Role of Side-Chain Architecture in Poly(ethylene oxide)-Based Copolymers

Abstract

Copolymerization of ethylene oxide and a series of glycidyl ethers with precise linear/cyclic oligo(ethylene oxide) side-chains allows access to a library of well-defined poly(ethylene oxide) (PEO)-based copolymers with 2-50 mol % side-chain functionality. The structure of the linear and cyclic oligo(ethylene oxide) glycidyl ether monomers influences the apparent reactivity ratios, which were consistent with gradient-type architectures. From these isomeric side-chain materials, the solution phase behavior, semicrystallinity, and ionic conductivity of the linear and crown ether side-chain functional copolymers were characterized and compared to conventional, linear PEO homopolymers.
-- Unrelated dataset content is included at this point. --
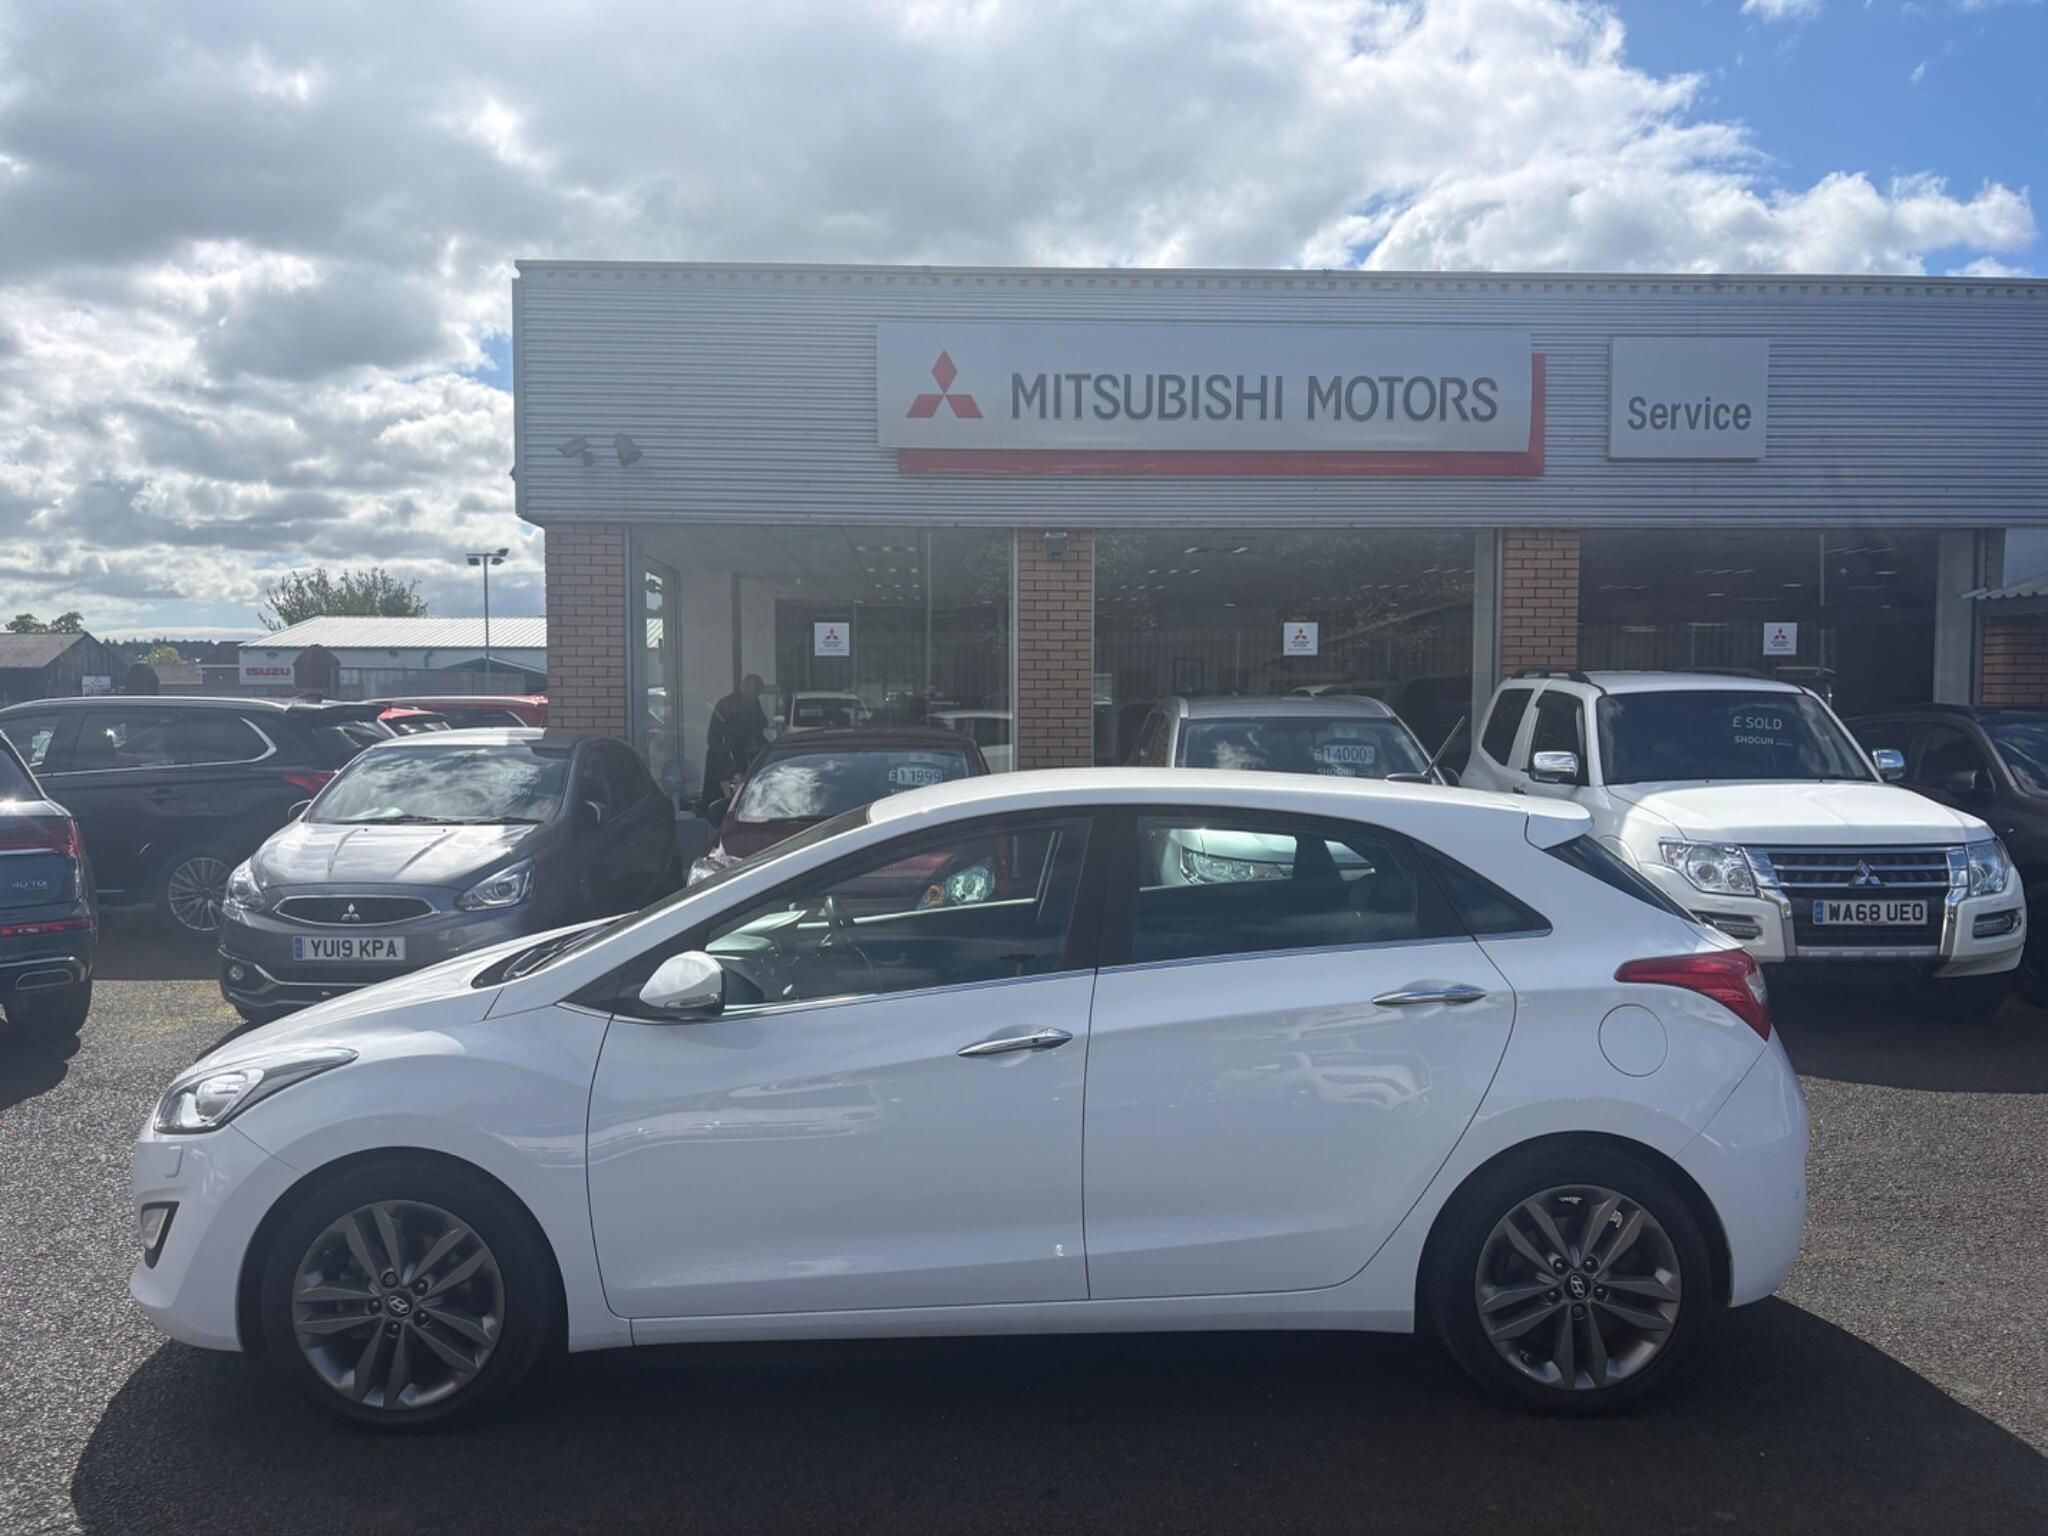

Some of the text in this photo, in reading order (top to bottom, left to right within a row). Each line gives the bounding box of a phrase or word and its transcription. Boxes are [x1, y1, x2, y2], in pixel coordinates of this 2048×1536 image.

Incorporation of linear side-chains decreased the cloud point, whereas incorporation of the crown ether side-chain functionality did not affect the cloud point when compared to linear PEO. In contrast, an ion-selective response of the cloud point was observed for the crown ether side-chain copolymers with minimal response for the isomeric linear systems. In the solid state, the copolymer materials could be tuned from semicrystalline to completely amorphous as the incorporation of linear or cyclic comonomers was increased. Ionic conductivity was characterized by using both lithium and sodium bis(trifluoromethylsulfonyl)imide and found to be consistent with amorphous PEO-based copolymer materials. Linear side-chain functional copolymers exhibited significantly higher ionic conductivity than their crown ether side-chain analogues due to the lower T-g of corresponding salt/copolymer blends. Finally, a readily available linear oligo(ethylene glycol) monomer based on a commercial starting material was prepared and copolymerized with ethylene oxide to give a copolymer with properties comparable to the corresponding precise analogues. These new structures allow for the development of property-tailored hydrophilic PEO-based copolymers for a variety of materials applications.